5 strengthening exercises to avoid at the gym

I will often get asked about weight training and which exercises should be done and others that need to be avoided.  Let’s first start with the 5 to avoid so we don’t reinforce incorrect or faulty movement patterns.  I’ve compiled my “top 5 list to avoid” based on my experience as a Physical Therapist.  Let me give you a quick overview of how I look at strengthening exercises: Whenever we “load” a movement pattern (that is to use weight) we are reinforcing that movement pattern in the central nervous system, telling our body “yeah, that’s how I want you to move!”.  Therefore, it is critical that our form is perfect, symmetrical, and it ultimately reinforces a posture or position that we would want the body to get stronger in.  That being said, here goes:

1. Dips:  These are used to help strengthen the triceps, chest, and shoulders. The problem with dips are the levels of stress that the movement places on the anterior shoulder capsule in the completely lowered position.  You also notice that when you are at the lowest position, there is a significant amount of forward rounding of the shoulders.  I spend most of my day trying to improve postures and eliminate the forward shoulder (or rounded shoulder) posture that so many of us have.  An alternate exercise to strengthen the tricep would be a standing tricep push down with cables with the shoulder blades “set” back and down first.

2. Back Squat: Let me first say that I love the squat, but  I’ve got a couple of issues with this one.  If done correctly, the back squat can be a very useful addition to your strengthening program.  The problem is that most people do it wrong!  They often rest the bar at the base of the neck instead of farther down and are unable to keep their lower back in a neutral position throughout the range of movement.  Placing the bar just at the base of the neck  further “locks up” an area that is historically tight on many individuals since this is where the cervical spine (neck) meets the thoracic spine (rib cage) and we aren’t meant to weight bear in this area.  Since most people end up using too much weight, we come to the next issue:  Incorrect return to neutral from the down position that places too much stress on the lower back region.  What tends to happen is that the legs start to extend first, and then the lower back lags behind since the strength of the lumbar extensors tend to be the weak link in this chain.  Therefore, in your quest to maximize the strengthening response in your legs, you may be placing your back in a vulnerable position.    In defense of the squat, all my back patients are taught how to properly squat since this a very functional activity that is done multiple times per day. Most of my more “mature” clients have trouble even getting out of a chair without using their hands, so I will have them start working on “chair squats” with perfect form.  As they become stronger, we then can load the movement pattern with either weight in the front (front squat) or with dumbbells in their hands ( a variation of the dead lift, another exercise I love if done correctly).  Remember to watch the knees, not letting them come together as this could be a sign of weak gluteals.

3.  Hip adduction machine.  This is the one where you sit down with your legs spread apart and the weight is in between your legs.  You try to pull your knees together, working the inside of your thigh.  First of all, most of us do not have weakness of the adductors (muscles of the inside of the thigh) and actually develop a much greater weakness of the hip extensors (gluteals) and abductors, the muscles that move our legs out to the side.  A very common movement dysfunction that I see often is the inability of the gluteals to control hip movement in a simple standing squat.  The knees often will come together with those individuals with weak gluteals as they seek greater stability as they squat down.  This is a movement flaw that I work hard to correct so….why would I want you to further strengthen your adductors that further promotes this “knee in” movement pattern?  The focus should be on strengthening your hip extensors (gluteals) and hip abductors (lateral thigh muscles) and leave the adductors alone!

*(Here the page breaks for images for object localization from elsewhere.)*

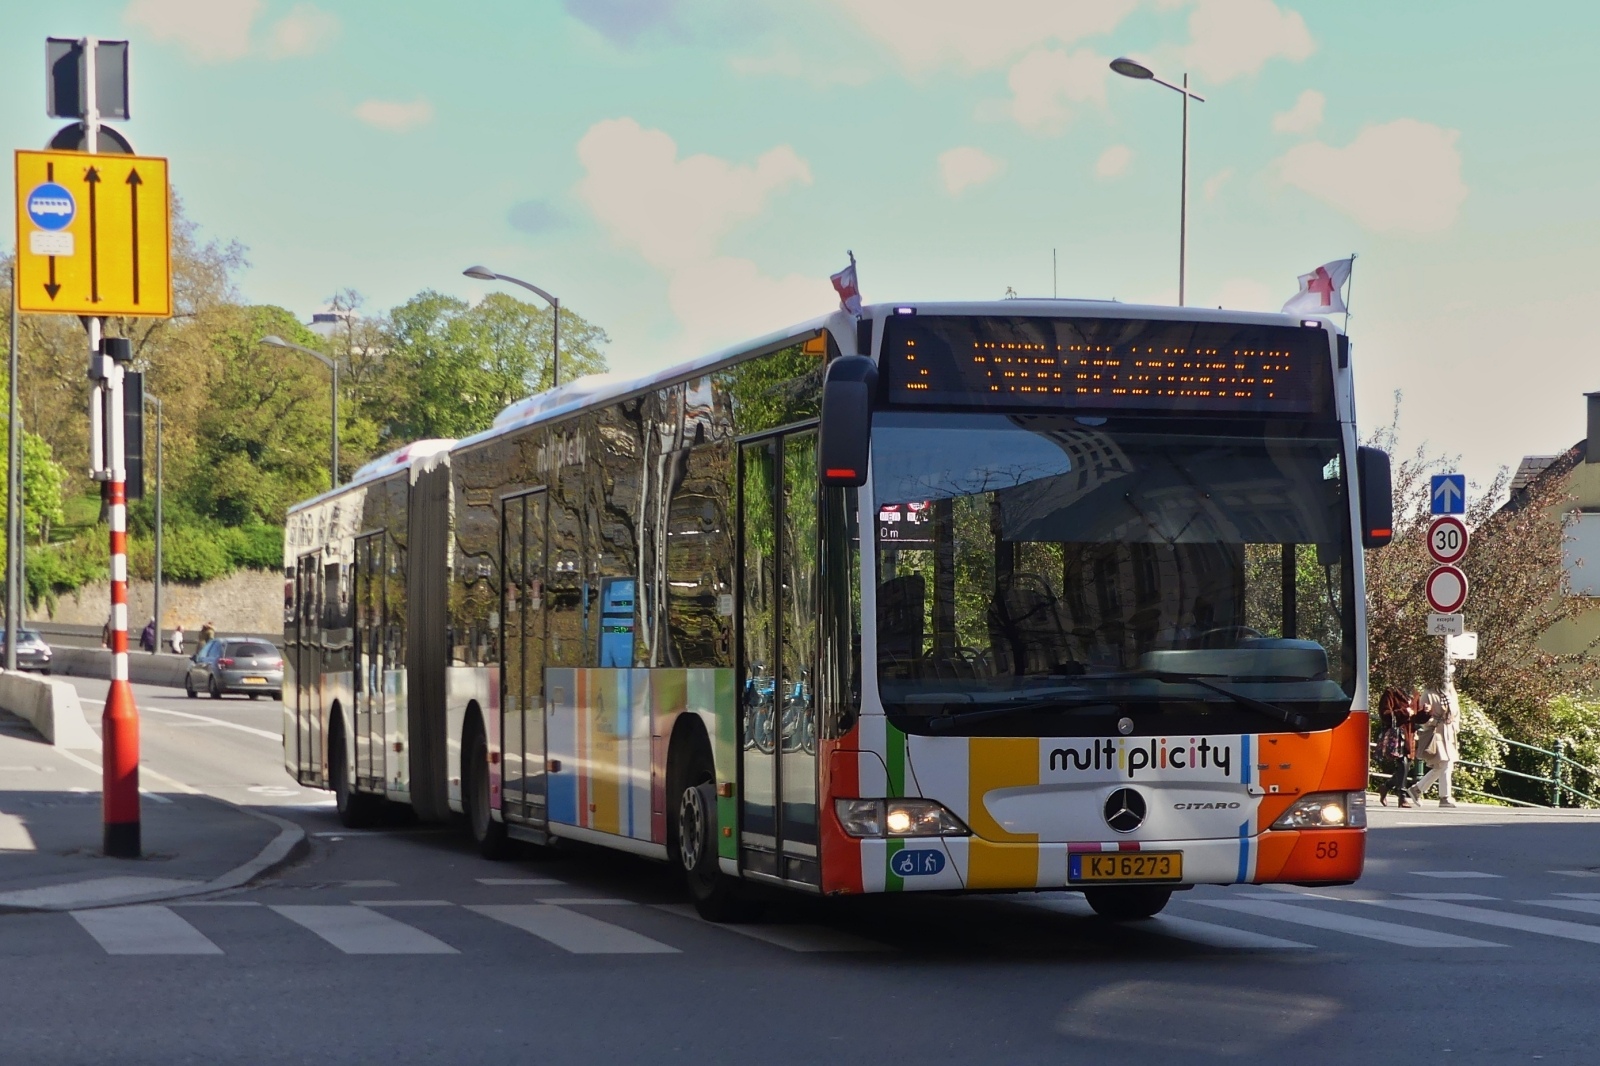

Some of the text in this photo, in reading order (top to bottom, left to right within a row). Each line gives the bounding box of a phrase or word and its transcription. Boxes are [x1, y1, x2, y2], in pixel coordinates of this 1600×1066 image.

[890, 530, 899, 538] m
[1436, 530, 1458, 550] 30
[1049, 737, 1231, 779] multiplicity
[1173, 802, 1241, 811] CITARO
[1315, 840, 1339, 860] 58

4. Upright Rows:  This exercise is used to strengthen the shoulders and upper trapezius.   The problem lies in the up postition when the elbows are out to the side and your hands are turned palms down to the floor.  This has the potential to place your shoulder joint in a compromised position that could lead to a very common movement dysfunction called an “impingement” that can lead to the dreaded rotator cuff strain.  That position is very similar to a test that Physical Therapists will use when evaluating a shoulder to see if that reproduces any pain.  Also, notice how your shoulders round forward  when you have the weight in your hands in the down position?  Rounded shoulders are not a position that we want to reinforce by strengthening in this manner.

5. Empty can exercises:  This is an exercise that has historically been used to strengthen the rotator cuff.  However, in the exercise your thumb is pointed down towards the floor as you raise a dumbell about to shoulder height.  The problem lies in the position of you hand.  When you have your thumb pointed down, this again places your shoulder in a compromised postition that negatively effects blood flow to the the rotator cuff.  So, as you are strengthening the rotator cuff, the muscle demands greater blood flow, but the thumbs down position prevents maximum flow.  Solution?  Do the exercise about to shoulder height with your thumbs up.  Still works the rotator cuff without the compromised blood flow. 

As always, I welcome your thoughts, questions, concerns, and gripes.  Have a good workout!